In the summer of 1926, NYC was locked in the throes of a brutal, miserable heatwave. Rudy had the great misfortune to arrive in the city during this heatwave, as part of his cross-country promotional campaign for The Son of the Sheik. He had also recently been divorced by his wife Natacha, which totally broke his heart.
In addition to a horrific heatwave and heartbreak, he was still smarting from the cruel “pink powder puff” allegation made by an anonymous Chicago Tribune editorialist on 18 July. This writer, who didn’t have the balls to sign his own name, said some quite nasty things:
A powder vending machine! In a men’s washroom! Homo Americanus! Why didn’t someone quietly drown Rudolph Guglielmo, alias Valentino, years ago?… Do women like the type of “man” who pats pink powder on his face in a public washroom and arranges his coiffure in a public elevator?… Hollywood is the national school of masculinity. Rudy, the beautiful gardener’s boy, is the prototype of the American male.
Rudy wanted to challenge this anonymous coward to a duel, but since duels were illegal, he settled for taking boxing lessons from his friend Jack Dempsey. He also defended his masculinity and personal tastes in an interview with The Herald Examiner. Dempsey put him in touch with sportswriter Frank “Buck” O’Neil, and they had a public boxing match on the roof of the Ambassador Hotel to prove his masculinity.
The New York première of The Son of the Sheik was 9 July, and proved a most smashing success. It left critics and viewers in no doubt about Rudy’s masculinity. He was extremely well-built, with a muscular physique that could easily flatten an opponent.
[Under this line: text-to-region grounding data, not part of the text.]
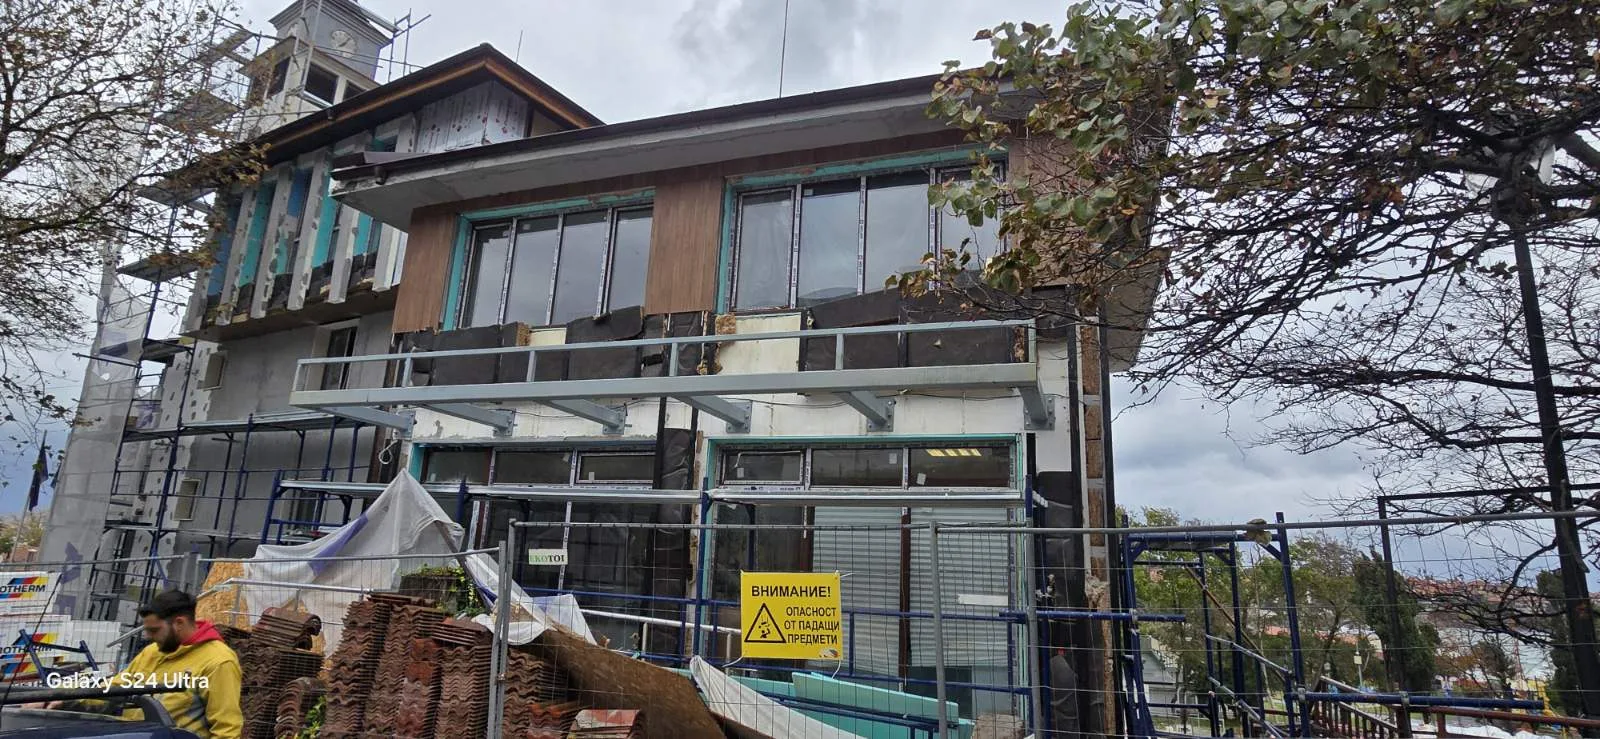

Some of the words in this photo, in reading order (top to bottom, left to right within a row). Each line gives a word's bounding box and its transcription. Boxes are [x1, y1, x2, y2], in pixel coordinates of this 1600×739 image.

[751, 585, 831, 597] ВНИМАНИЕ!
[786, 606, 836, 617] ОПАСНОСТ
[784, 620, 796, 630] ОТ
[798, 620, 840, 632] ПАДАЩИ
[787, 634, 838, 645] ПРЕДМЕТИ
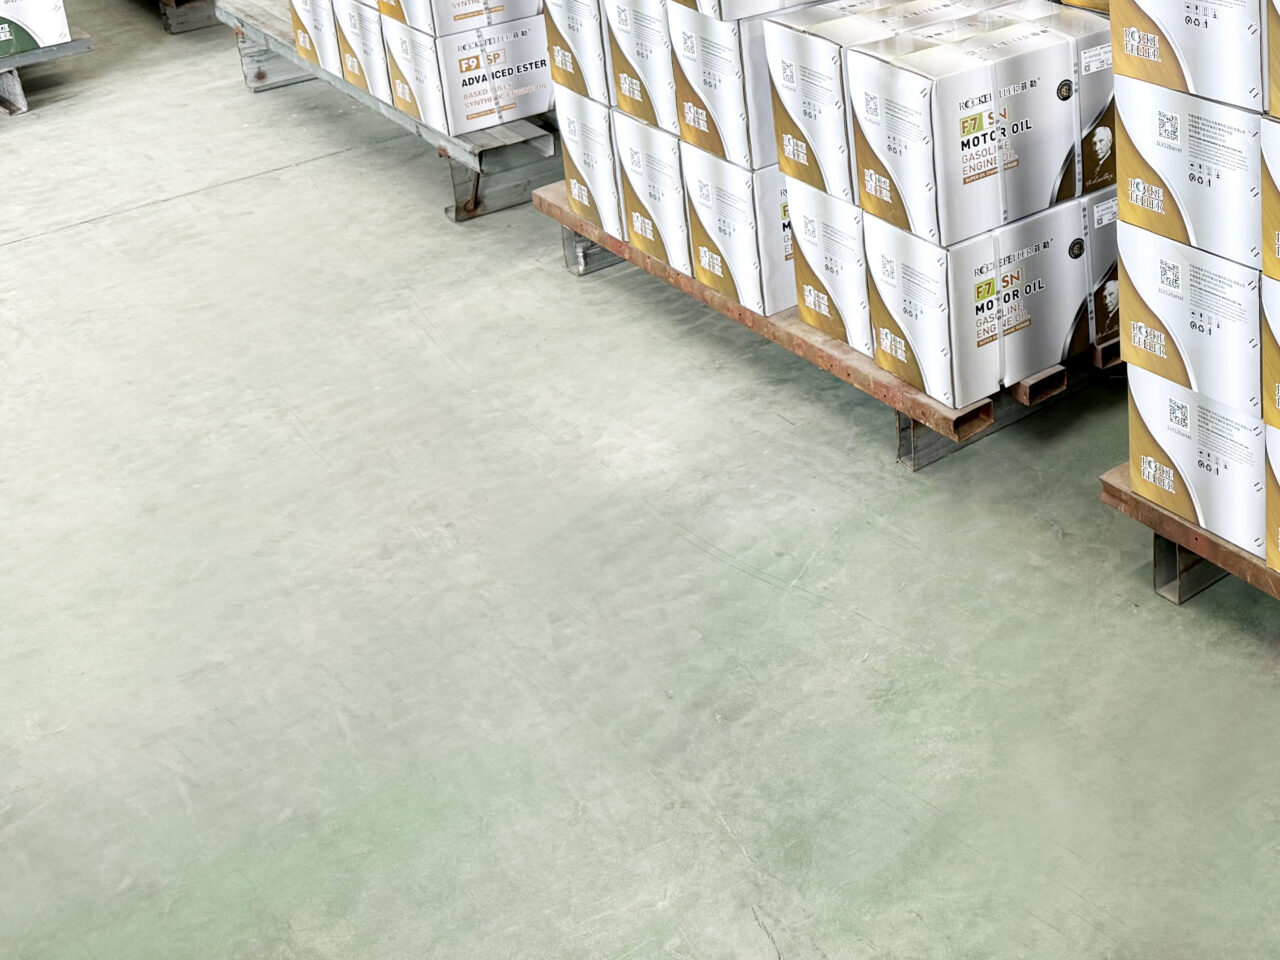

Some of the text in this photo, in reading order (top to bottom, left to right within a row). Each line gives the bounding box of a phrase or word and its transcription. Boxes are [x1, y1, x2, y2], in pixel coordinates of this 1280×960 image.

[462, 58, 478, 72] F9
[517, 59, 547, 74] ESTER
[961, 117, 977, 134] F7
[1012, 119, 1032, 135] OIL
[976, 270, 1021, 299] F7 SN
[975, 279, 1045, 316] MOOR OIL
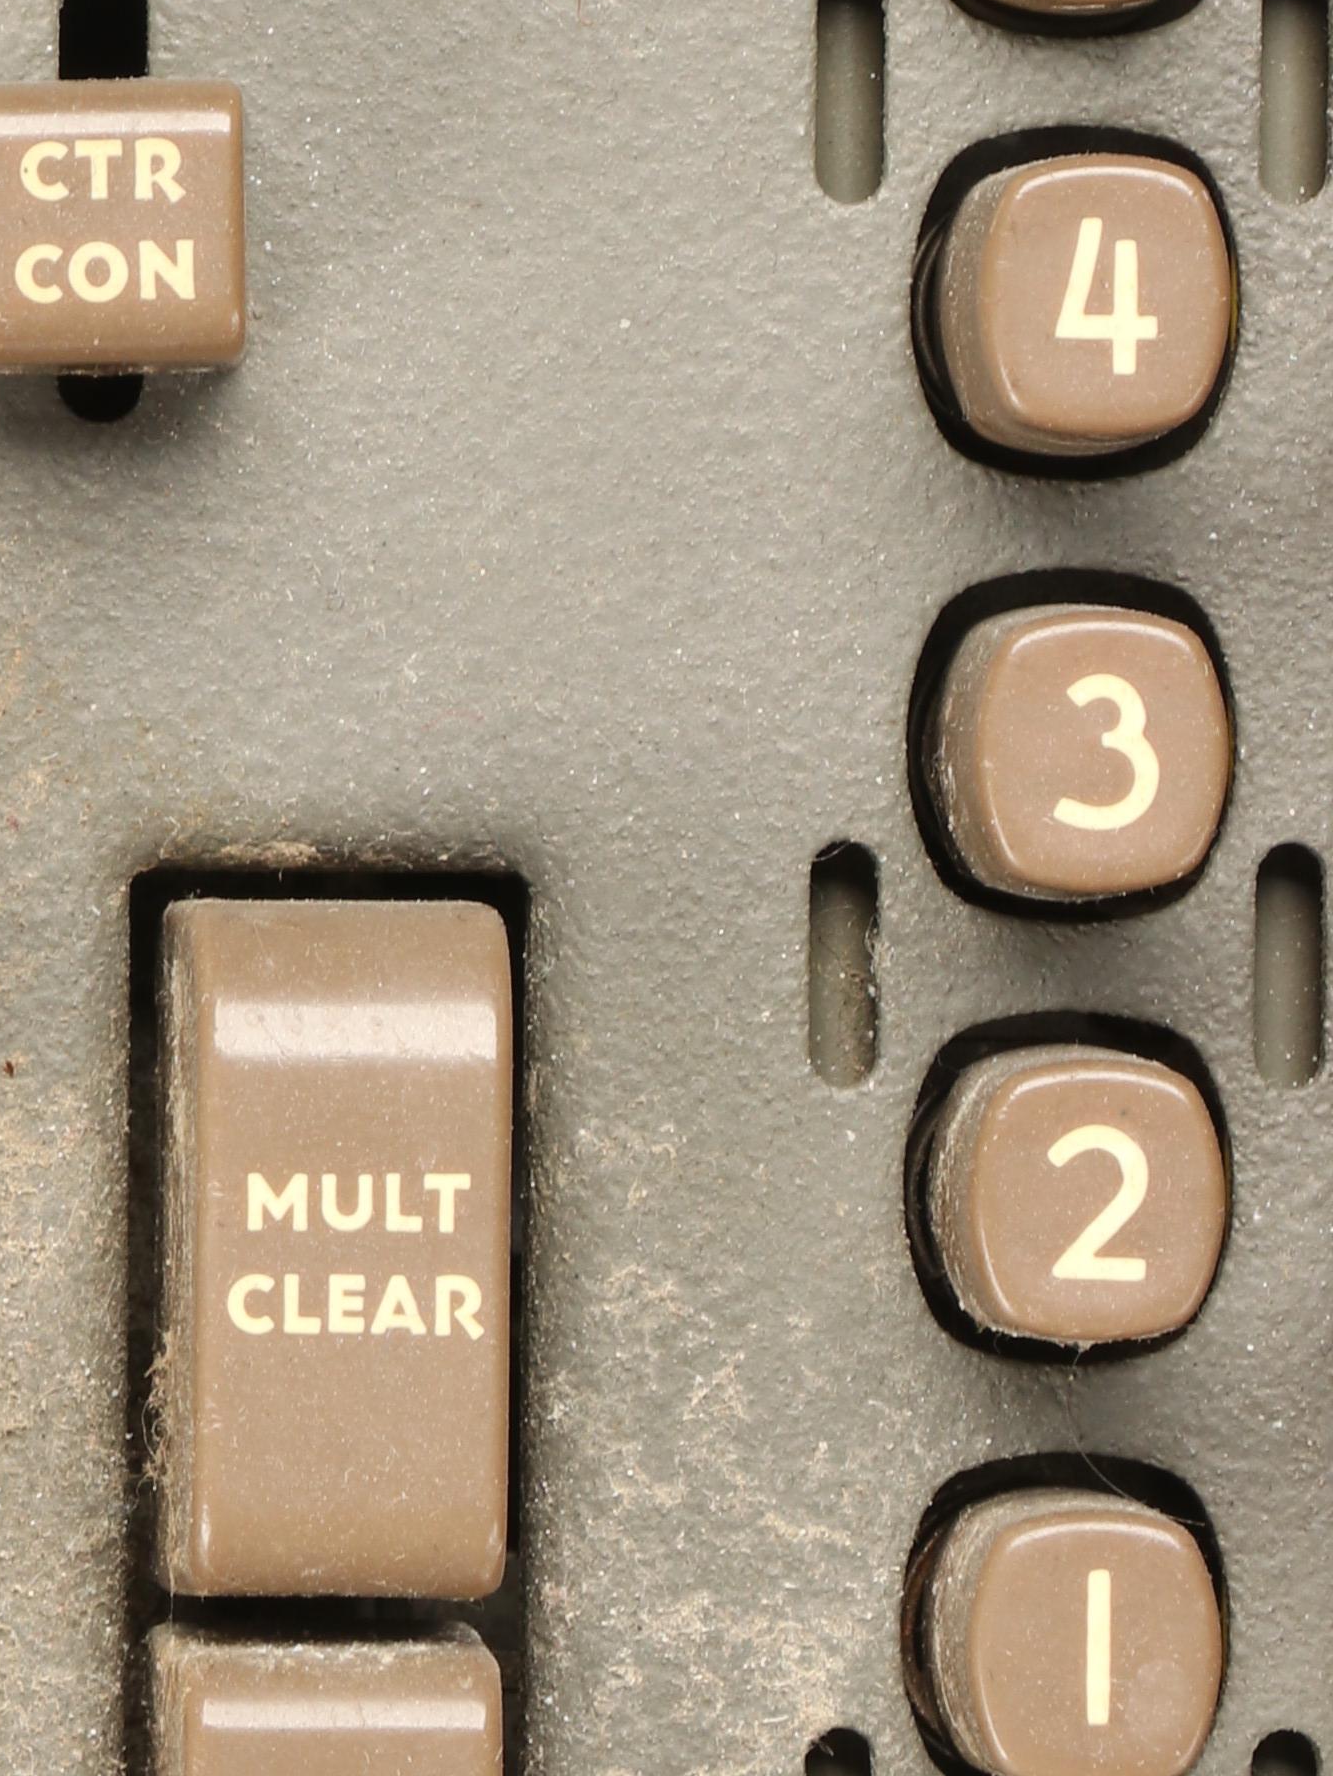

On 15 August 1926, Rudy collapsed by the Hotel Ambassador in NYC, and was found spitting up blood and doubled over. He’d already had ulcers, but had refused to see a doctor owing to a superstitious old-country fear. He’d also been going to clubs and speakeasies, was a heavy smoker, and was taking some kind of medicine meant to prevent baldness. The heat probably exacerbated pre-existing health issues.
Rudy was rushed to the Polyclinic on the Lower East Side, and X-rays determined he had gastric ulcers in the abdomen (including a large perforated ulcer) and appendicitis. There was also a very serious infection. Rudy was immediately taken to surgery, and when he awoke, he vomited blood, was feverish, and groaned in agony.
16–20 August saw him in a great deal of pain, feverish, and being fed via vitamin injections. He was unable to eat due to the pain, and developed peritonitis. On 18 August, his doctors gave him a very positive prognosis, and told the media no further updates were necessary.
Everything changed on 21 August.
Rudy came down with very bad pleurisy in the left lung, and it progressed rapidly due to his already weak health. Like most doctors of the era, Rudy’s doctors too deliberately withheld the news that he was probably going to die. Rudy firmly believed he was going to get better.
On the evening of 22 August, his pain increased even more, and he received Last Rites, though was unable to take Communion.
In the early hours of 23 August, Rudy regained consciousness and had a pleasant chat with his doctors about his future. Then he lapsed back into horrific pain, fell into a coma, and shortly after noon, the Angel of Death took him away at only 31 years old.
An official came out of the hospital to break the news to the mob of female fans standing vigil outside, and pandemonium broke out. Women began screaming and fainting. Some of them passed out. As it turned out, this was just a foretaste of the mob scene which was to follow by his funeral and wake.
If only Rudy hadn’t had such a fear of doctors and hospitals, he’d taken better care of his health to begin with, there hadn’t been such a brutal heatwave, and antibiotics had existed, this dear, sweet soul might have enjoyed a longer life, and not died in such terrible, protracted agony.
Now this beautiful man belongs to the ages.
P.S.: Happy heavenly 70th birthday to Keith John Moon, the greatest drummer ever!